Quando arriva il pericolo, spesso si gettano nei fiumi. Un predatore che lo insegue deve decidere se vuole nuotare dietro di loro.

Stando vicino a una laguna orlata di canne, a volte vedrai solo la punta delle loro corna sopra l'erba, che ti osservano come se valutassero se vale la pena preoccuparsi.

10. Giraffa: bersagli imponenti

È facile dimenticare che le giraffe sono prede. Sembrano troppo alti, troppo composti. Ma a volte i leoni li cacciano, di solito inseguendo i vitelli.

Una giraffa adulta completamente adulta è in grado di uccidere un leone con un solo calcio.
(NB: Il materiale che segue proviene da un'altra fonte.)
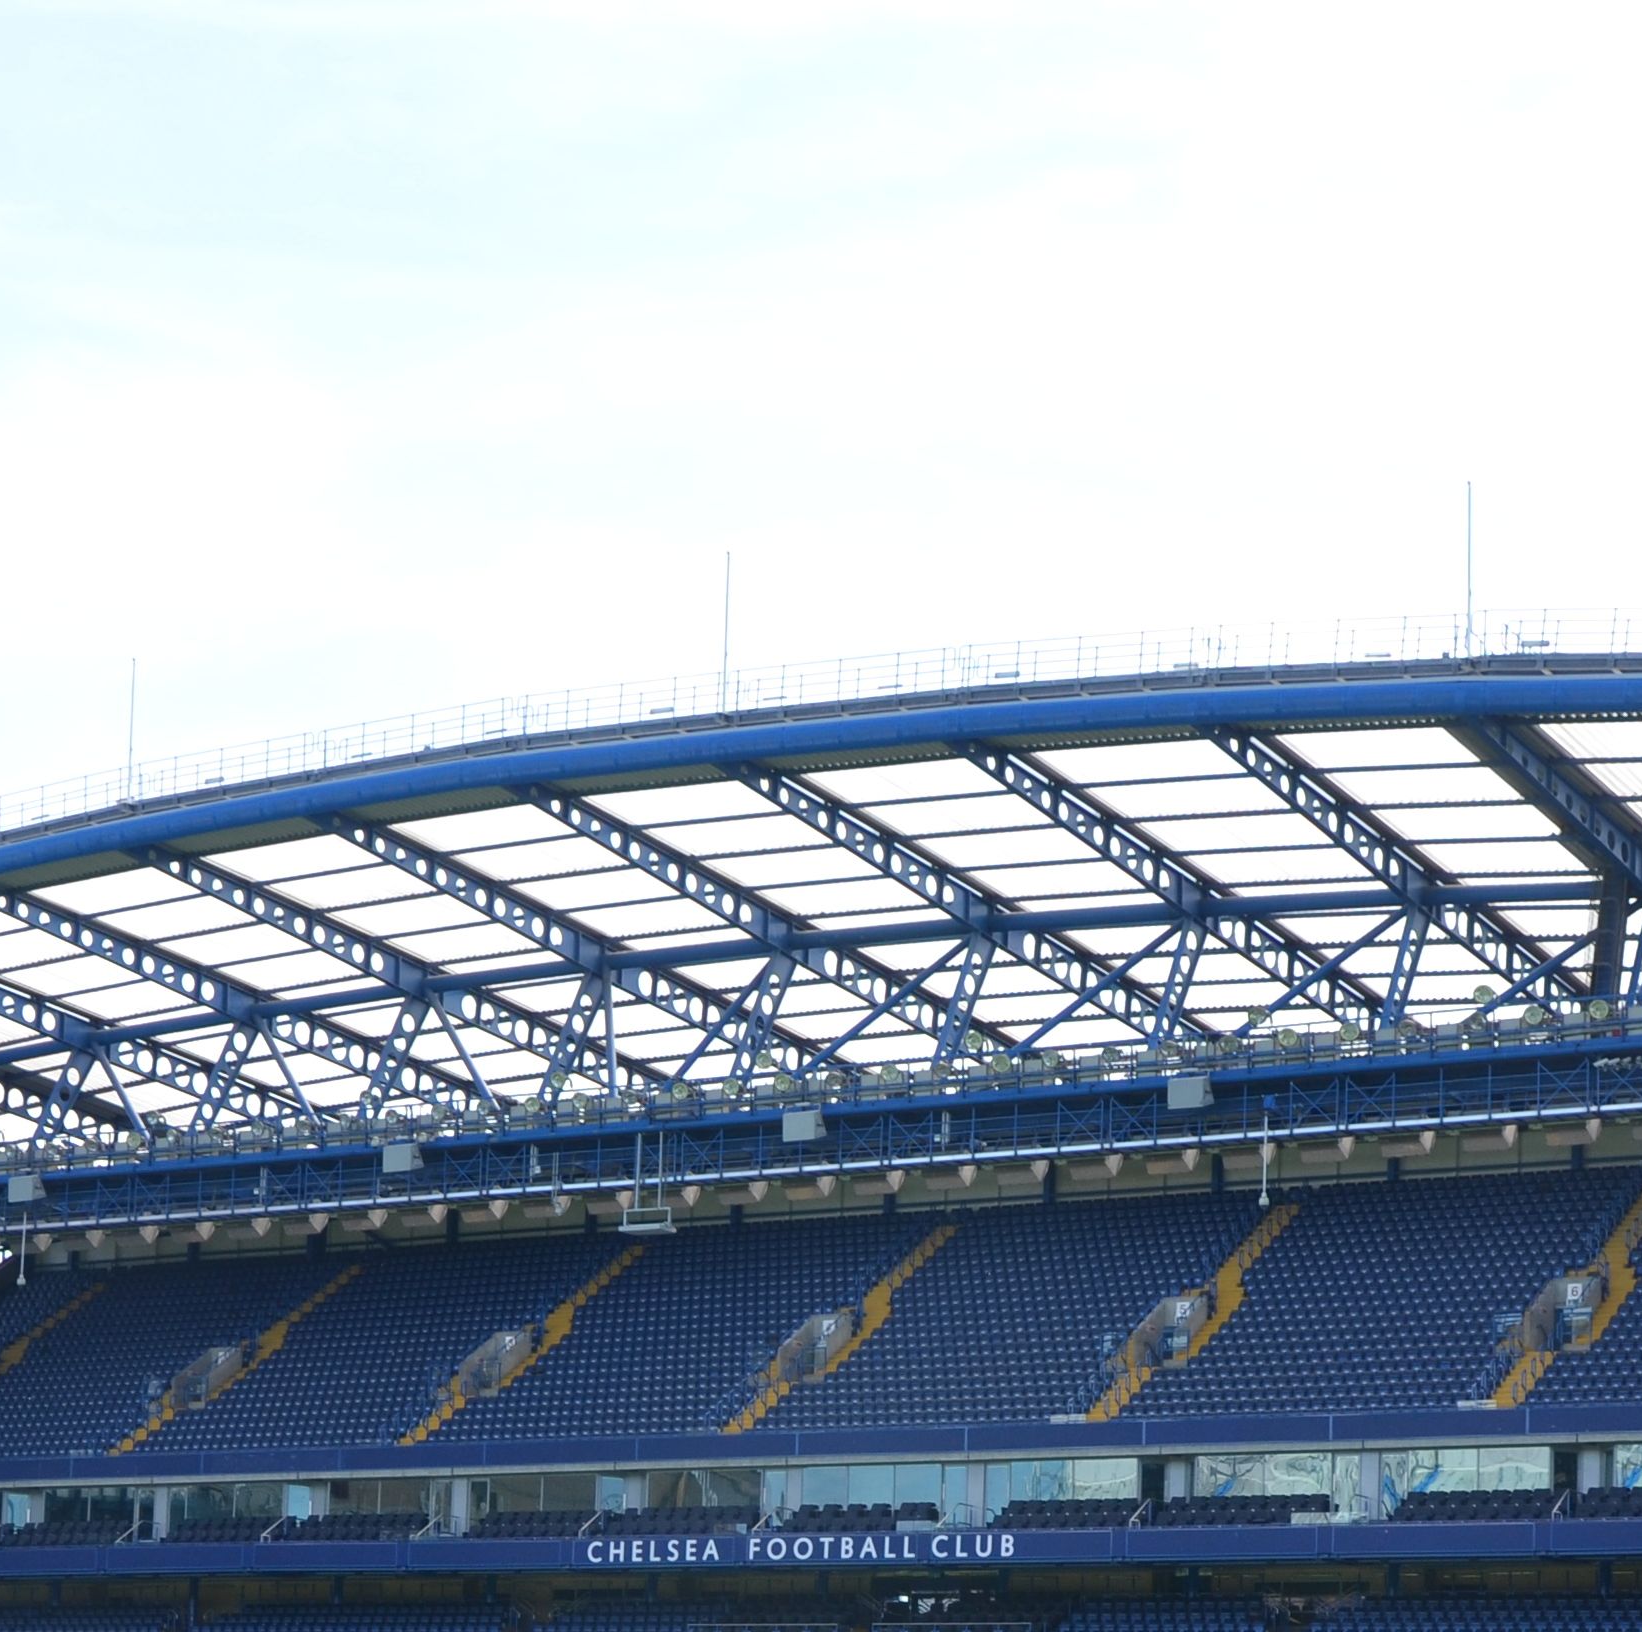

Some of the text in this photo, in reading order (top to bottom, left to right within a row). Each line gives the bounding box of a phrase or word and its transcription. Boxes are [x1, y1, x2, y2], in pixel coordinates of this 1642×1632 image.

[587, 1534, 1015, 1563] CHELSEA FOOTBALL CLUB
Tuttavia, la loro altezza li rende più facili da individuare e i vitelli sono vulnerabili nei primi mesi.

Ho visto una giraffa allungare il collo per brucare un albero spinoso, poi abbassarlo lentamente per scrutare il terreno, come se ricordasse che nemmeno i giganti possono permettersi l'autocompiacimento.

Suggerimenti per osservare le prede durante il Safari

  • Stai tranquillo. Molti animali da preda fanno affidamento sull’udito tanto quanto sulla vista. Le voci forti viaggiano più lontano di quanto pensi.
  • Usa il binocolo. I dettagli contano: il movimento di un orecchio, il congelamento improvviso di una mandria.
  • Non avere fretta. Siediti abbastanza a lungo in un posto e vedrai di più.
  • Rispettare la distanza. Avvicinarsi troppo stressa gli animali e può disturbare il loro comportamento naturale.
  • Segui l'esempio della tua guida. La conoscenza locale spesso fa la differenza tra un breve sguardo e un'ora indimenticabile.
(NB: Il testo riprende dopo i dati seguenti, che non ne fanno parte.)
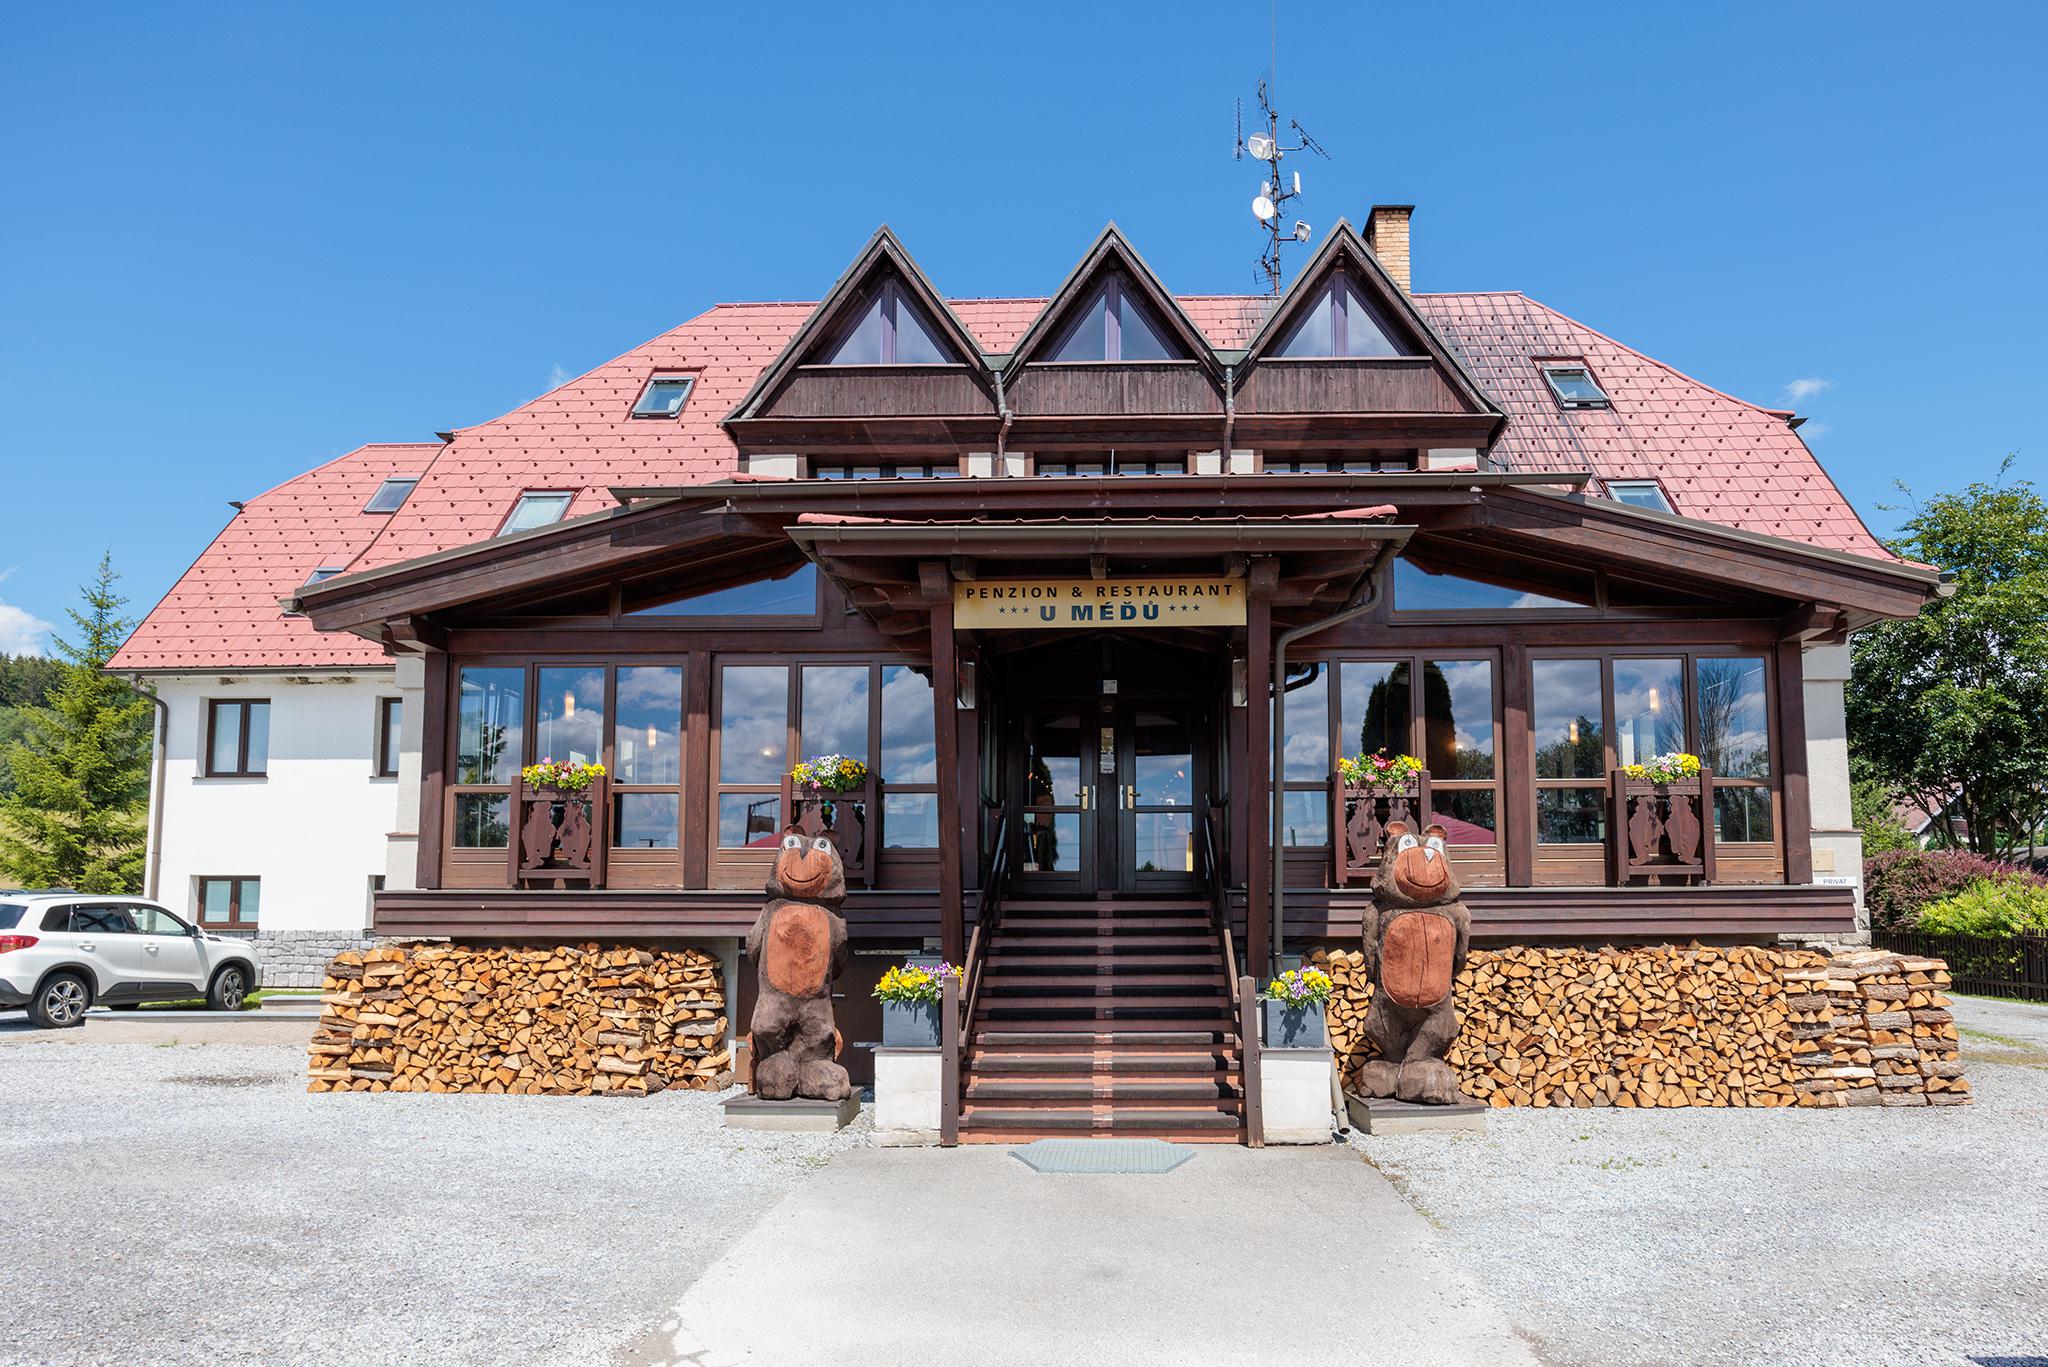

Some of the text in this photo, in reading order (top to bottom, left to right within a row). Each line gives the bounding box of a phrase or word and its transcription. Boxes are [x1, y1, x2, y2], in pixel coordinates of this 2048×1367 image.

Riflessioni: L'altro lato della sopravvivenza

I predatori ottengono la maggior parte dei titoli dei giornali, ma gli animali da preda danno forma alla storia ogni giorno. Le loro scelte costringono i leoni ad adattarsi, le iene a elaborare strategie, i ghepardi a perfezionare il loro sprint.
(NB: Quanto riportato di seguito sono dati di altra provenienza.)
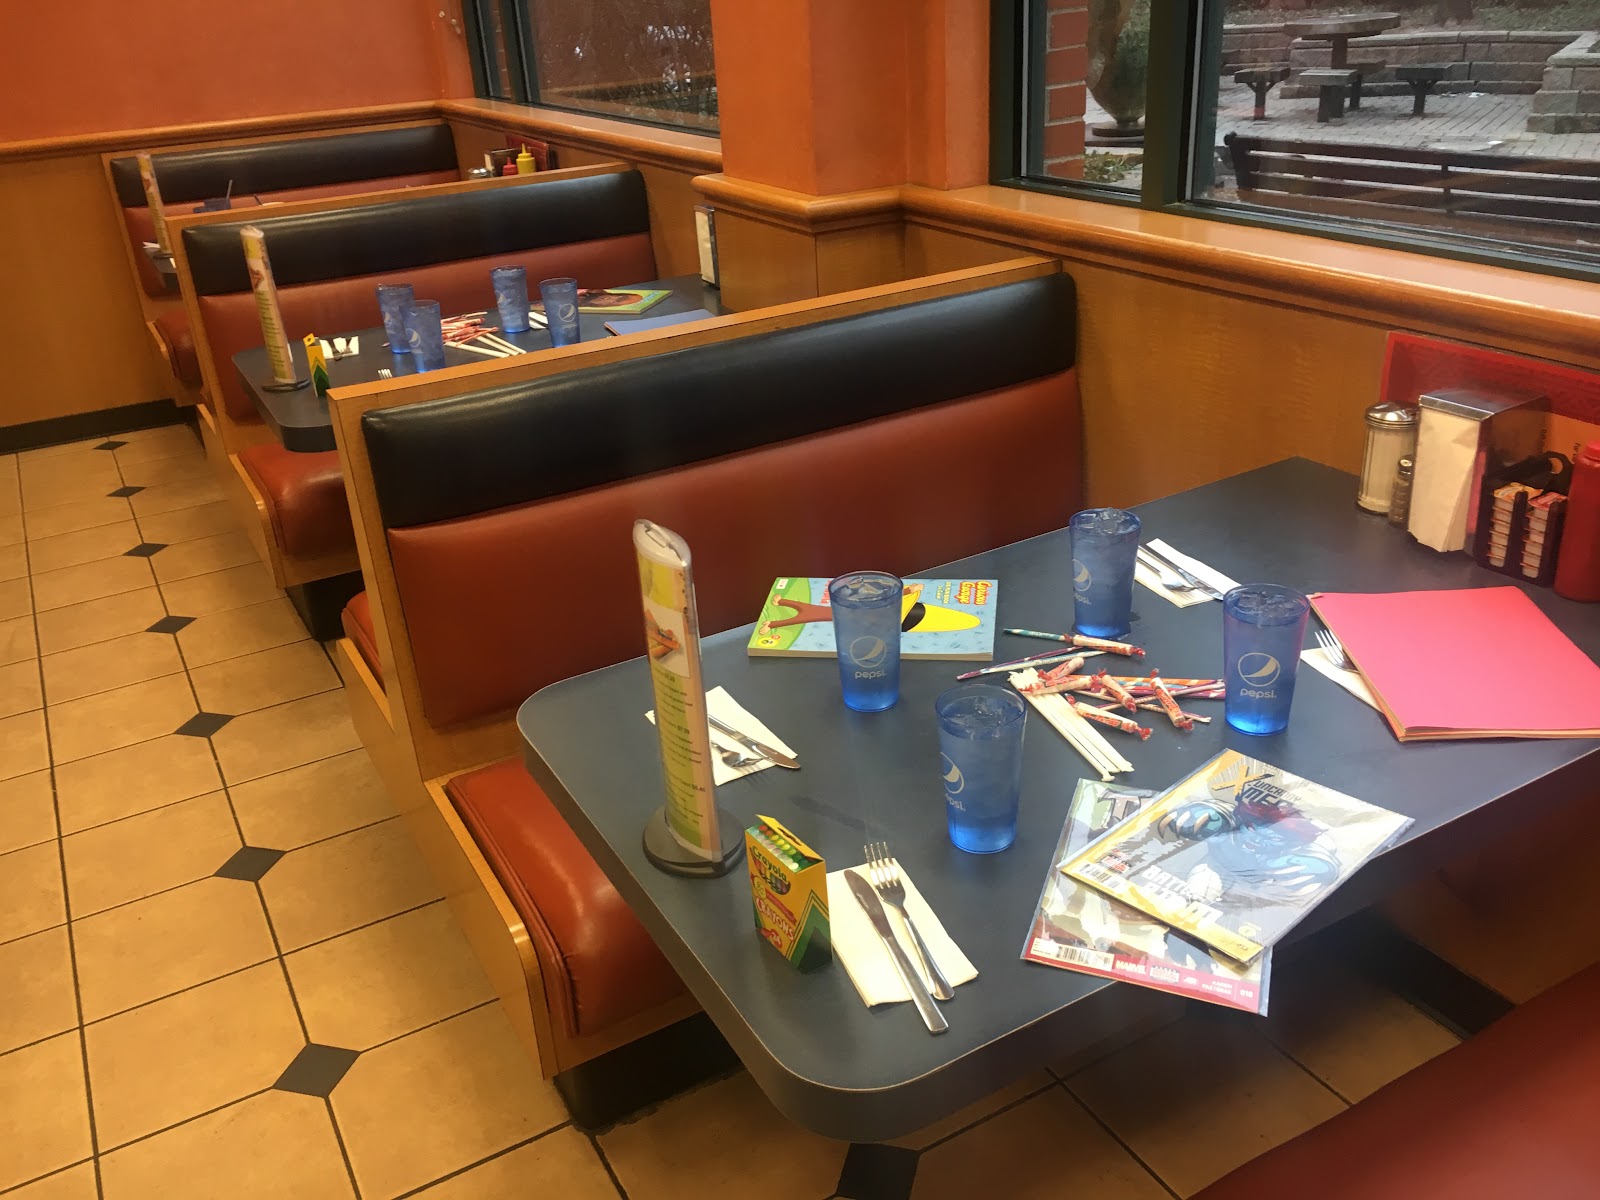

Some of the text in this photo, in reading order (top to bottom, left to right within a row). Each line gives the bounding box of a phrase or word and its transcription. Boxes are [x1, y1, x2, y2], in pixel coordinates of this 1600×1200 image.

[954, 580, 976, 604] George
[974, 580, 992, 605] Curious
[854, 669, 886, 680] pepsi
[1240, 688, 1276, 699] pepsi
[751, 845, 788, 884] Crayola
[756, 896, 796, 943] CRAYONS
[1115, 959, 1147, 975] MARVEL
Sono la presenza silenziosa e vigile in ogni paesaggio. Il motivo per cui l'erba resta al pascolo, le pozze d'acqua restano occupate, i predatori restano vigili.

E forse questo spiega perché sono così avvincenti da guardare. Ognuno porta con sé la consapevolezza che la sopravvivenza non appartiene sempre al più veloce o al più forte. Ci sono volte in cui va al più vigile, al più paziente, a quello che si ricorda dove guardare.